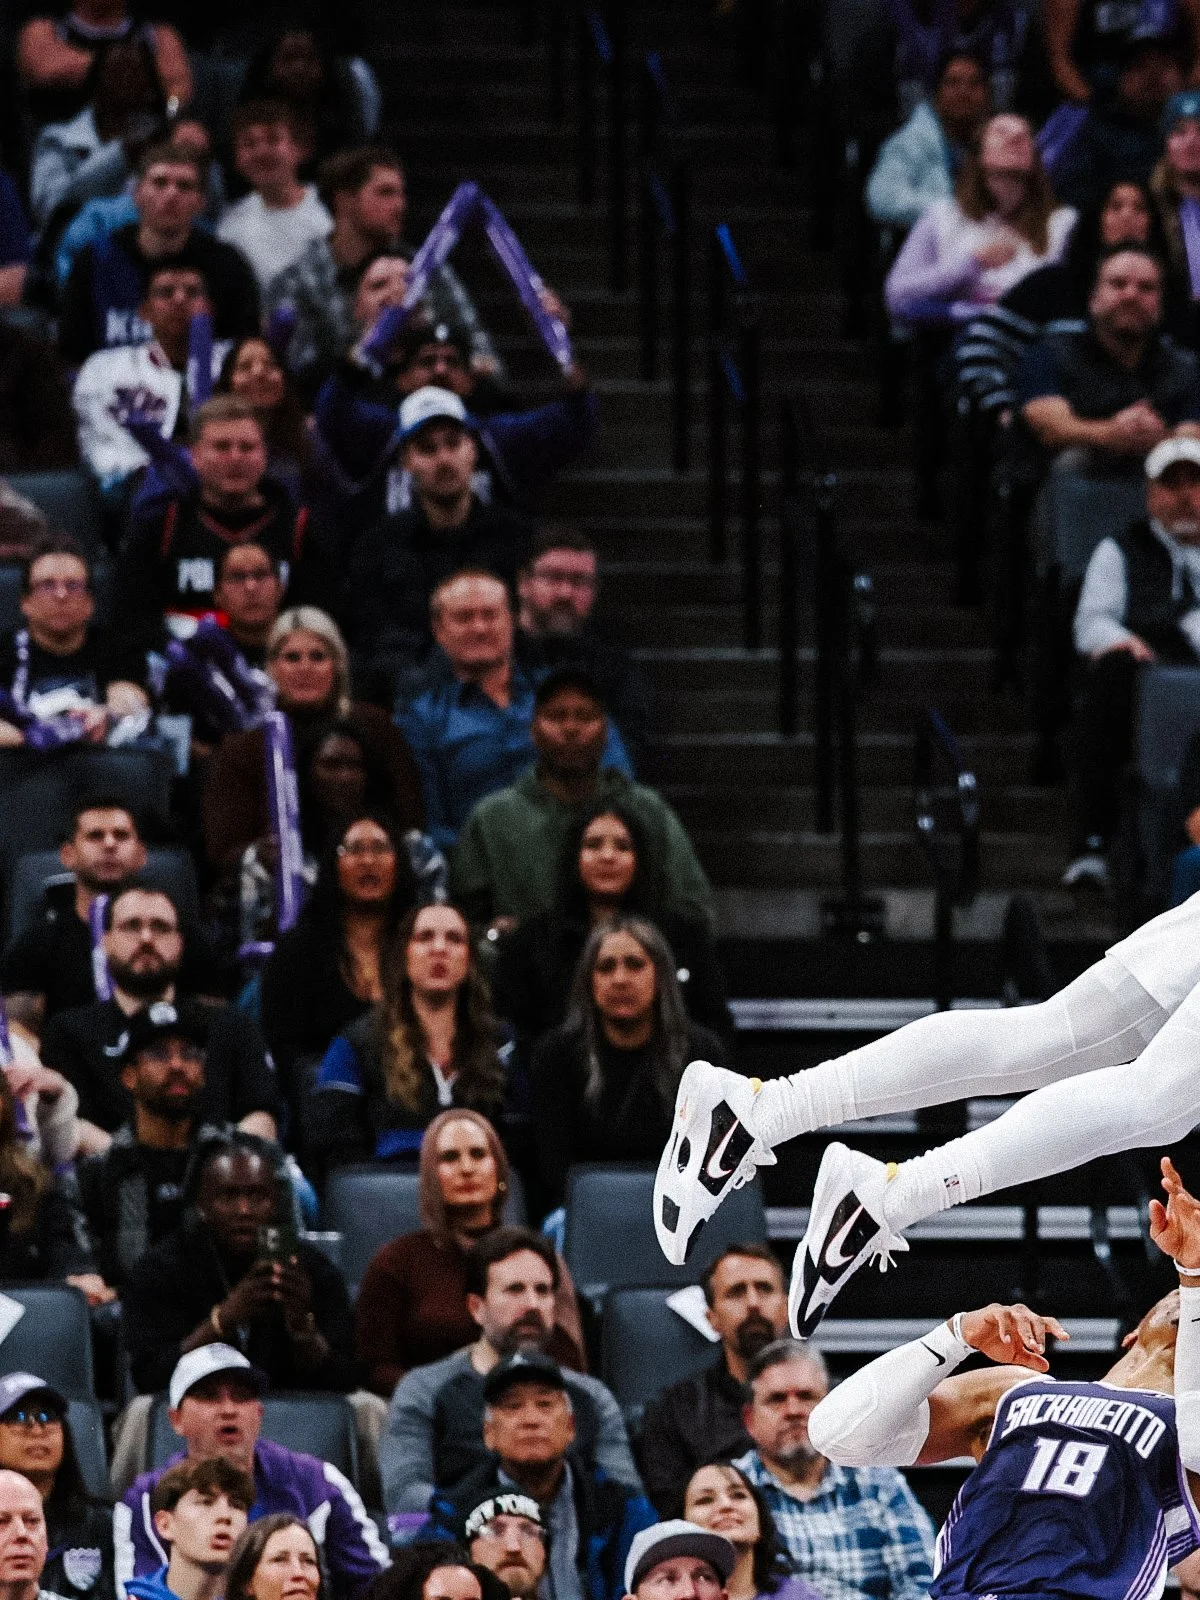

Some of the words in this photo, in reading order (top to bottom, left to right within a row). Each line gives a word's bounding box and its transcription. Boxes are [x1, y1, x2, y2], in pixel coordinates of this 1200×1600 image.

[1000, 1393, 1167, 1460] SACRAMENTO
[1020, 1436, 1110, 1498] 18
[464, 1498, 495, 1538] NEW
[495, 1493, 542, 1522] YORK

● ● ● ● ● ● ●

◆ **What to do**: An exact copy of all the records, free of pictures, is the expected answer.

◆ **Reply to the task**:
Some of the words in this photo, in reading order (top to bottom, left to right within a row). Each line gives a word's bounding box and its transcription. Boxes are [x1, y1, x2, y2], in pixel coordinates of this 1200×1600 image.

[1000, 1393, 1167, 1460] SACRAMENTO
[1020, 1436, 1110, 1498] 18
[464, 1498, 495, 1538] NEW
[495, 1493, 542, 1522] YORK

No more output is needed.